X'd by Elon, housing prices, and Nix
Greetings patrons,
It’s time for another research update. In this letter, four things:
X’d by Elon
As you probably know, I spent much of 2023 ridiculing billionaires. So it came as a surprise when, in late November, I discovered that the world’s richest man had tweeted a link to my (old) post on the Dunning Kruger effect.
For those who don’t follow the debacle that is Twitter (sorry, ‘X’), Elon has largely trashed the platform since he bought it in late 2022. He has, however, managed to tweak the algorithm so that his tweets get massive engagement. Hence the 8.6 million views of this Dunning Kruger tweet.
Still, there is a reliable way to not see Musk’s tweets, which is to block him.

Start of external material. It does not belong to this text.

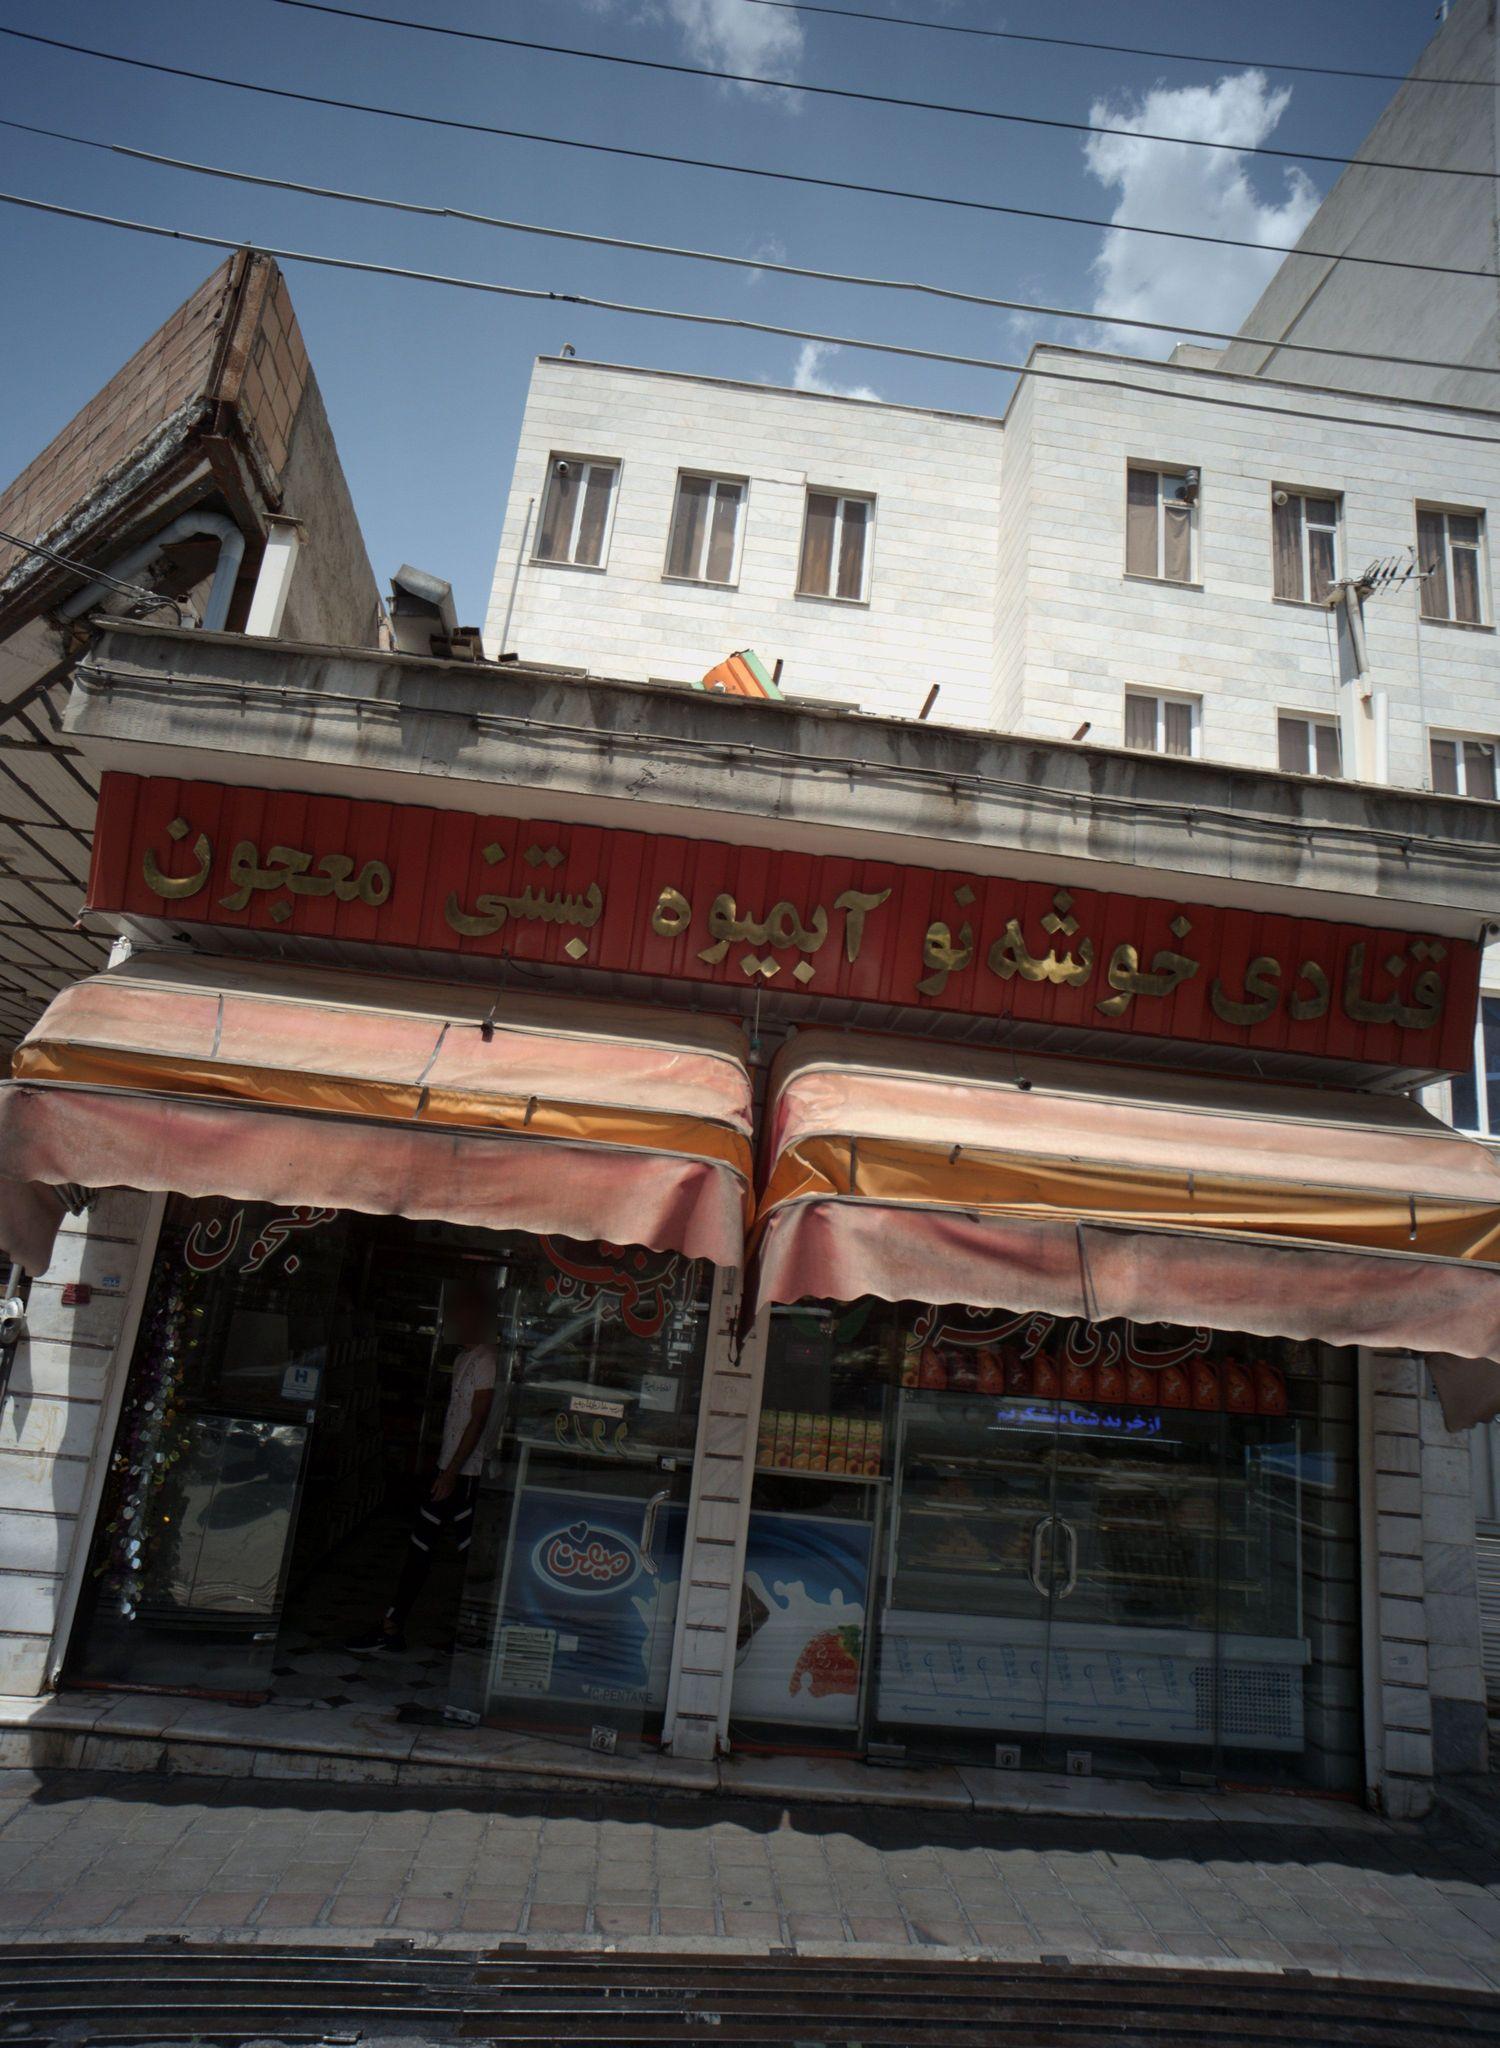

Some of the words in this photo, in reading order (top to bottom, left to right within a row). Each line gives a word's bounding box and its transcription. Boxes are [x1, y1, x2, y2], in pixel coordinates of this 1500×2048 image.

And as it turns out, I’d done exactly that back in 2022. So when Musk linked to my blog, I didn’t see it on Twitter. Instead, I had to do some detective work to figure out why my blog traffic was off the charts.
Speaking of traffic, there’s an old saying that all publicity is good publicity. So while I dislike Musk’s politics, I’ll certainly take his free publicity. Still, his tweet was a good reminder that social media largely drives low-quality engagement. Sure, Musk sent about 100K people to my blog. But judging by the tiny bump in subscribers, it seems that the vast majority of these readers simply skimmed the post and then bounced.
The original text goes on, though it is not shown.